Introduction

I would like to share a small and very easy to write class that has helped me in the past a lot. It can help greatly when transcribing one piece of text to another, applying some transformation along the way. Without further ado:

class Transcriber:
    def __init__(self, source):
        self.source = source
        self.destination = []
        self.ptr = 0

    # Copy
    def copy_until(self, until):
        self.destination.append(self.source[self.ptr:until])
        self.ptr = until

    def copy(self, length):
        self.copy_until(self.ptr + length)
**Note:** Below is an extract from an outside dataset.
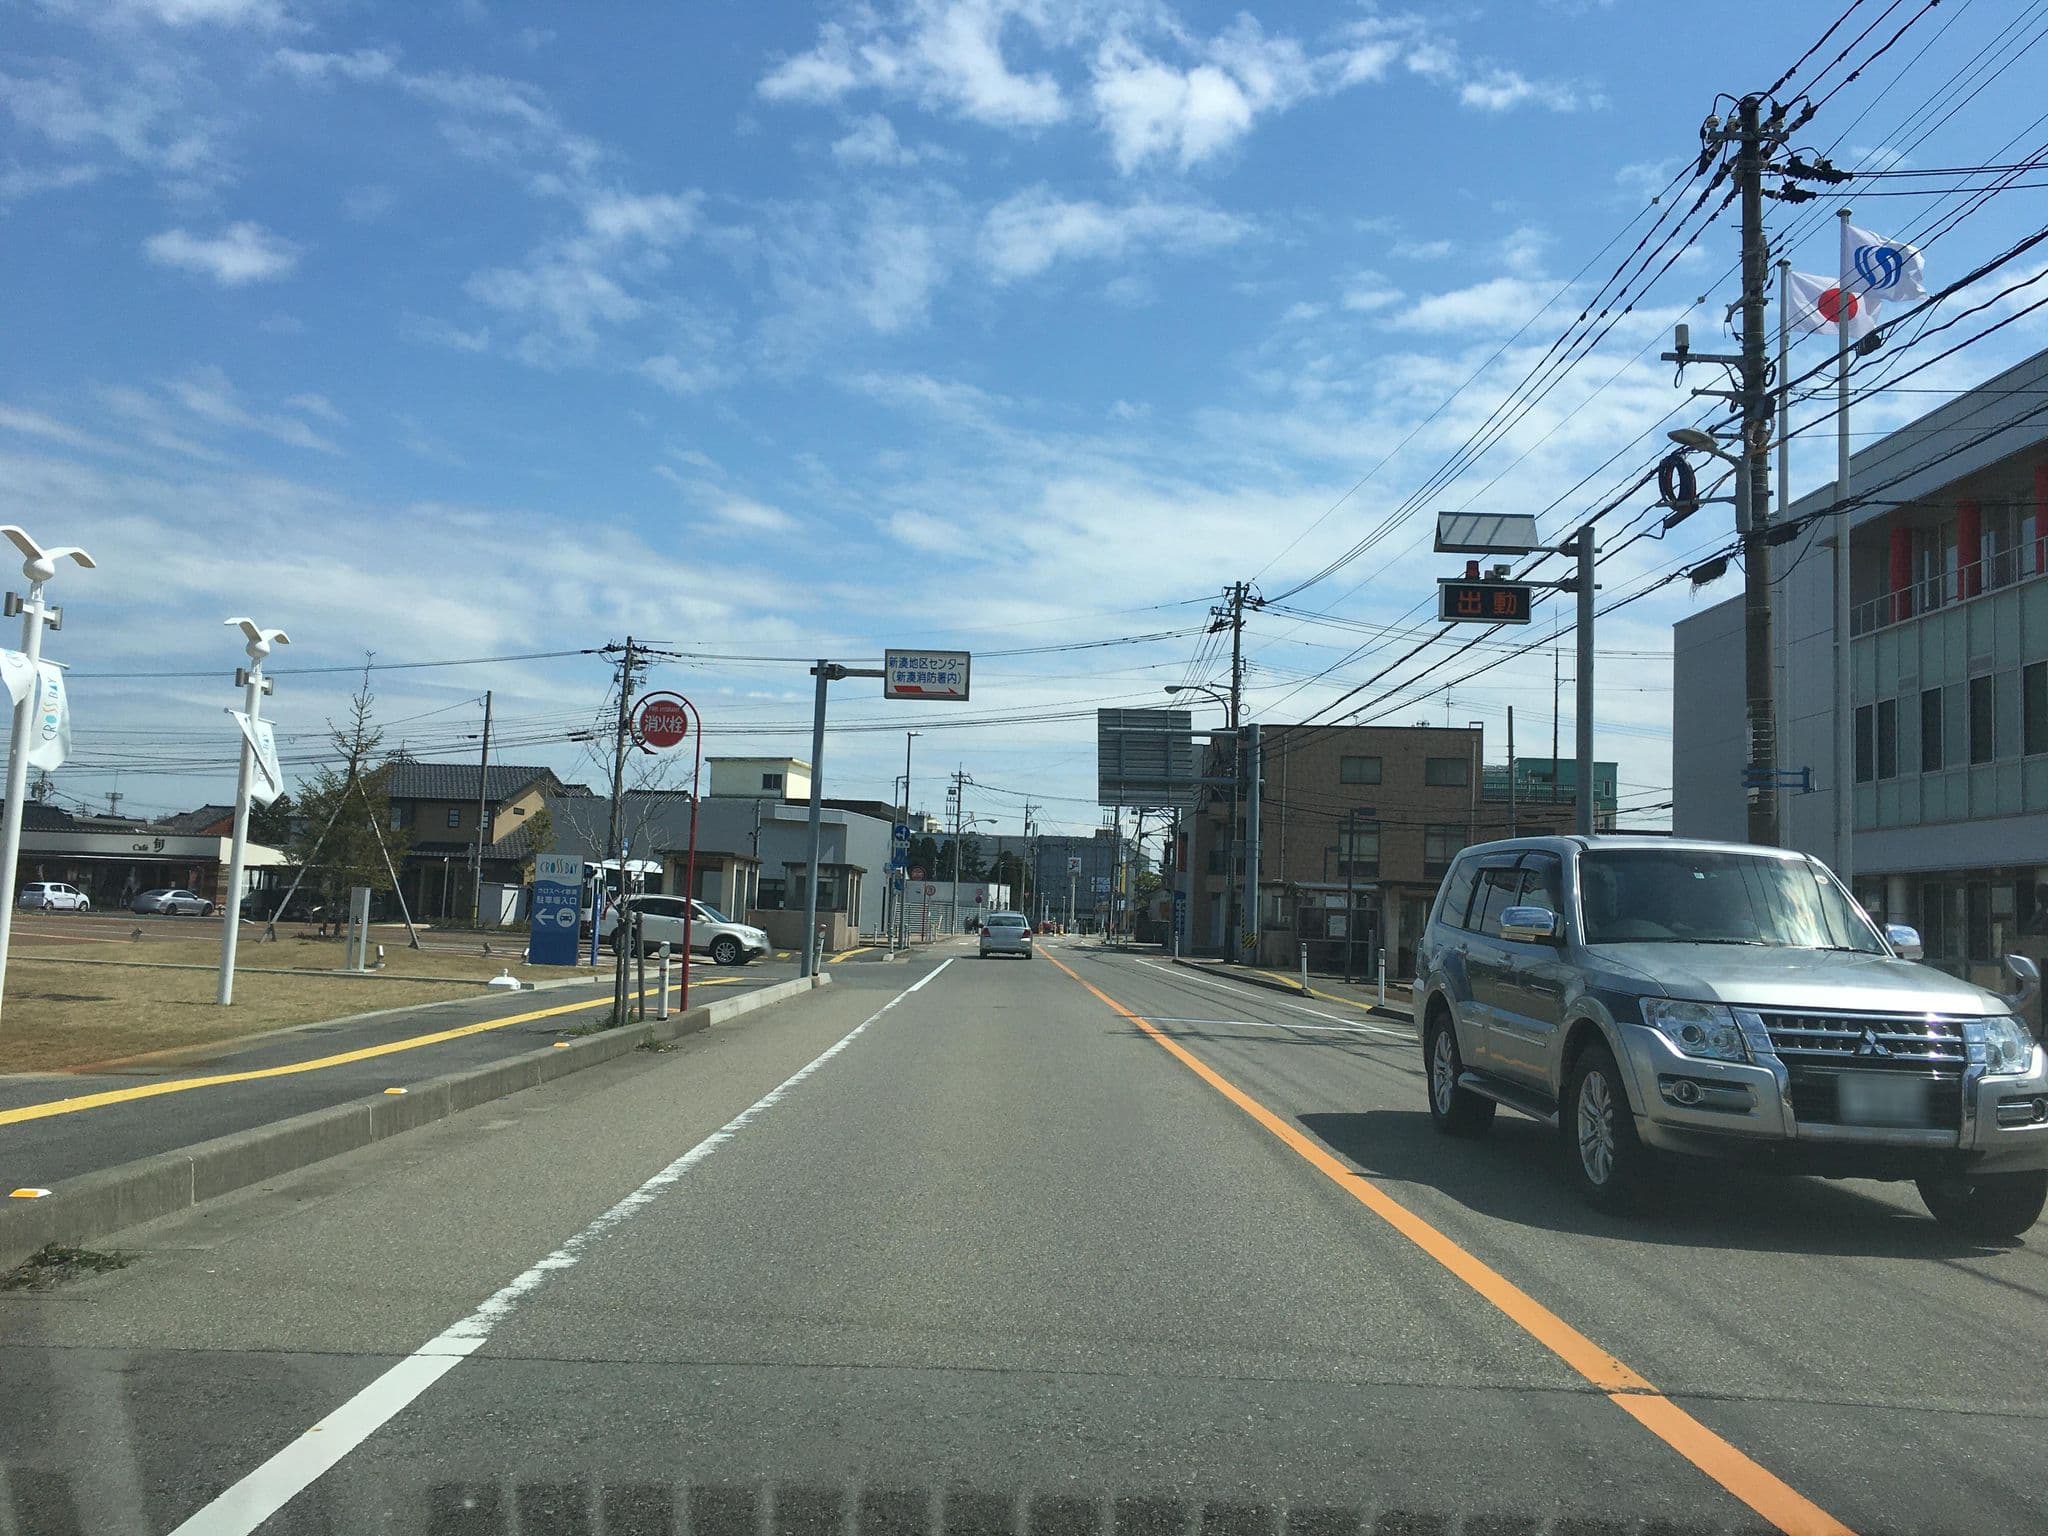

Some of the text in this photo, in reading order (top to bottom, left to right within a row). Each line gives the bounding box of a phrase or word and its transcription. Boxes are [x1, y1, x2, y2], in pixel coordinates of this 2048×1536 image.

    def copy_until_end(self):
        self.copy_until(-1)

    # Skip
    def skip_until(self, until):
        self.ptr = until

    def skip(self, length):
        self.skip_until(self.ptr + length)

    # Add
    def add(self, text):
        self.destination.append(text)

    def get_destination(self):
        return "".join(self.destination)

First example

Lets see it in action. Here we replace all lines that contain the word ‘error’ to uppercase:

def capitalize_error(source):
    transcriber = Transcriber(source)
    for line in source.splitlines():
        if 'error' in line:
            transcriber.add(line.upper())
            transcriber.skip(len(line))
        else:
            transcriber.copy(len(line))
        transcriber.copy(1)  # Copy the '\n'
    return transcriber.get_destination()

print(capitalize_error("""
line one
line two
line three with error
line four
""".strip()))

# <<< line one
# <<< line two
# <<< LINE THREE WITH ERROR
# <<< line four

Explanation

To describe what this does with text (should probably be a docstring), we could say:

Monitors the gradual transcription of source to destination. During the process, you can copy or skip chunks of source and interject your own chunks.

As is frequent with pieces of code I am fond of, the nice thing about the Transcriber is not that it does something very complicated or clever. Rather, it exposes an interface that abstracts something very tedious, allowing you to write good-looking and unobscure code.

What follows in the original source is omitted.